# Banff Processor Version 1 Migration Guide

## Foreword

This document is intended for users of the SAS based version of the Banff Processor and serves as a supplement to the main user guide to help with the transition from SAS (Banff Processor Version 1) to Python (Banff Processor Version 2). 

## Migrating from SAS to Python

The SAS version of the Banff Processor dates back to 2008, it has been used at Statistics Canada for many years. The Python version is similar to the SAS version in many ways and effort has been made to make the metadata backwards compatible where possible.
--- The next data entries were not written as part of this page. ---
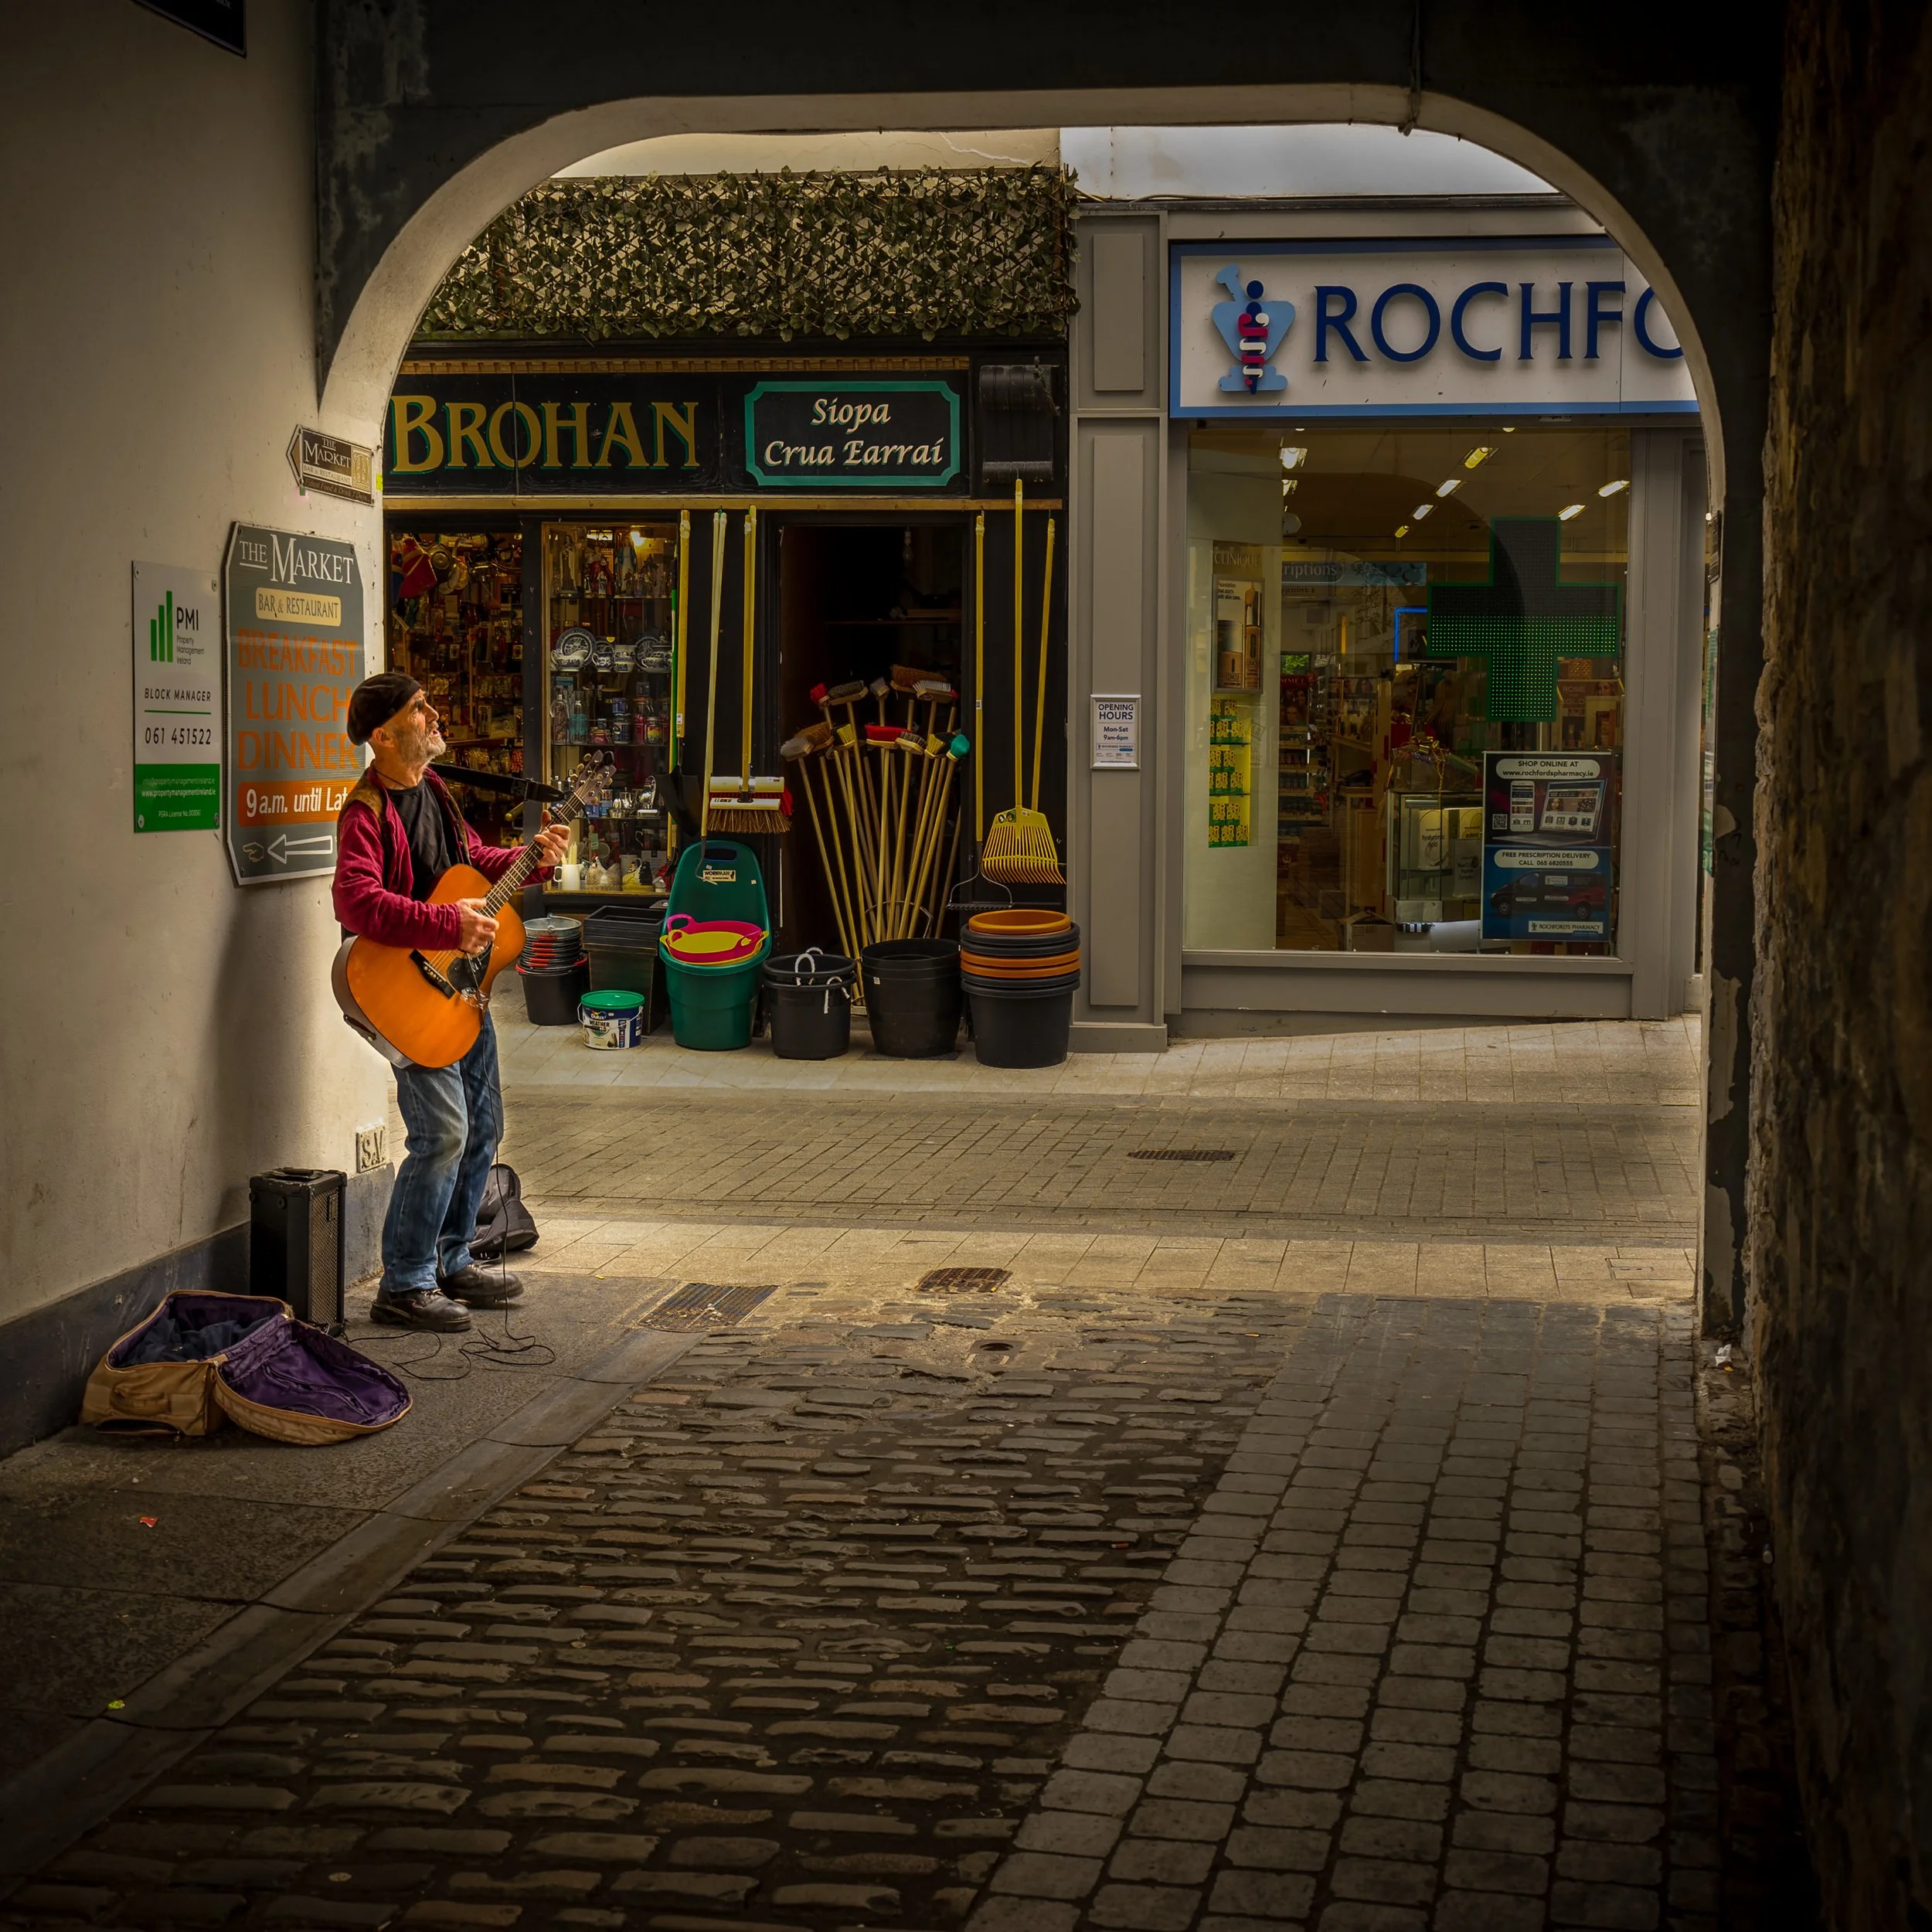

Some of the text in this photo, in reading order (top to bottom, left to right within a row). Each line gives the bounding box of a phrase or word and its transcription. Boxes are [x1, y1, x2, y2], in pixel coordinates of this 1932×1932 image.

[810, 397, 892, 434] Síopa
[321, 438, 336, 450] THE
[389, 395, 699, 473] BROHAN
[304, 439, 351, 468] MARKET
[764, 437, 944, 467] Crua Earraí
[240, 534, 354, 584] THE MARKET
[1214, 552, 1260, 566] CLINIQUE
[258, 593, 338, 619] BAR & RESTAURANT
[177, 607, 199, 631] PMI
[177, 635, 194, 645] Property
[177, 646, 204, 655] Management
[177, 657, 192, 665] Ireland
[238, 628, 358, 678] BREAKFAST
[145, 688, 211, 702] BLOCK MANAGER
[245, 681, 351, 722] LUNCH
[145, 727, 211, 744] 061 451522
[238, 730, 359, 770] DINNER
[1502, 769, 1594, 777] www.rochfordspharmacy.ie
[294, 787, 321, 812] until
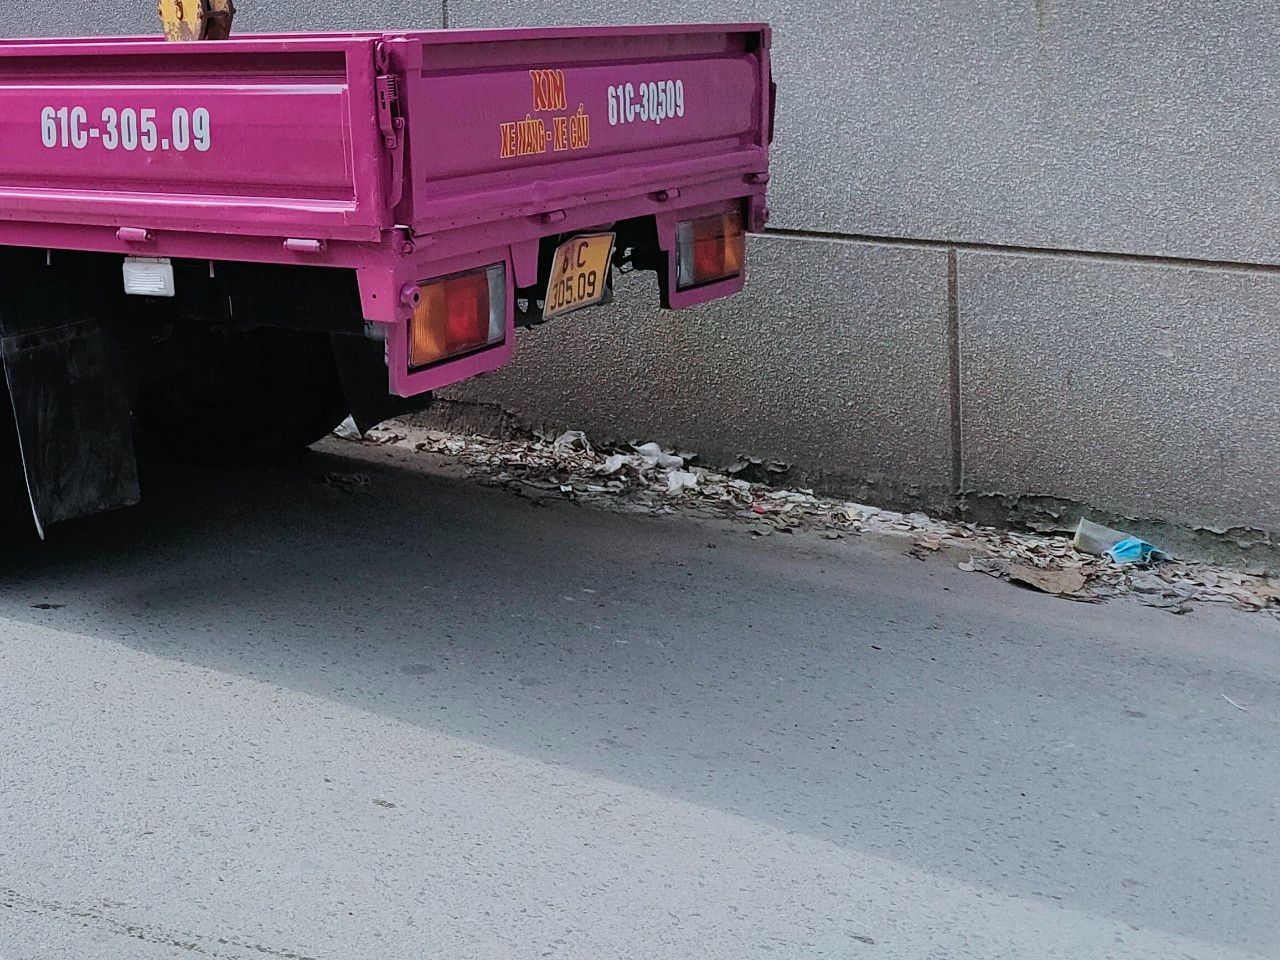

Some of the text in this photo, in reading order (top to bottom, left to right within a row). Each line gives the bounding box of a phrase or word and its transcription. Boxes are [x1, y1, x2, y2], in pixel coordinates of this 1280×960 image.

This guide highlights some of the main differences to help users migrate to the new version.

In general, XML metadata files from version 1 is compatible with version 2, with the following exceptions:

- SAS-based custom programs (or user-defined programs) will not work; they must be replaced with plugins. Guidelines for developing plugins are available in the user guide.
- Syntax in expressions must be reviewed; SAS specific expressions must be converted to SQL-Lite syntax.
- The SAS-based processor included some default behaviour that has been removed to increase modularity and transparency. The past behaviour can be replicated with process controls; see the section on Process Controls in the user guide for details.

### New Features

- Process Blocks: Process Blocks allow users to call a job within a job. In the SAS Processor, the jobs table could contain multiple jobs, but now they can be chained together to create a master job. This is done by using the process called job and specifying the job id in the spec id column.
- Process Controls: Process Controls allow modifications to be made to the inputs of a processing step without the risk of modifying the main working datasets. This was typically done in the SAS processor with user-defined processes, or the input modifications were hardcoded in the processor itself.
- The Banff Processor now supports variable lengths up to 64 characters. A variable must still begin with a character or underscore and consist of only alphabetic characters, digits, and underscores (spaces with variable names are not supported).

## Behaviour Changes

1. A key difference is that the SAS Banff Processor was a code generator. The processor created a SAS program and then the program was executed. There was an option to save the generated program, which could be run and used for debugging purposes. This is no longer the case with the Python processor, the process is executed dynamically in one pass.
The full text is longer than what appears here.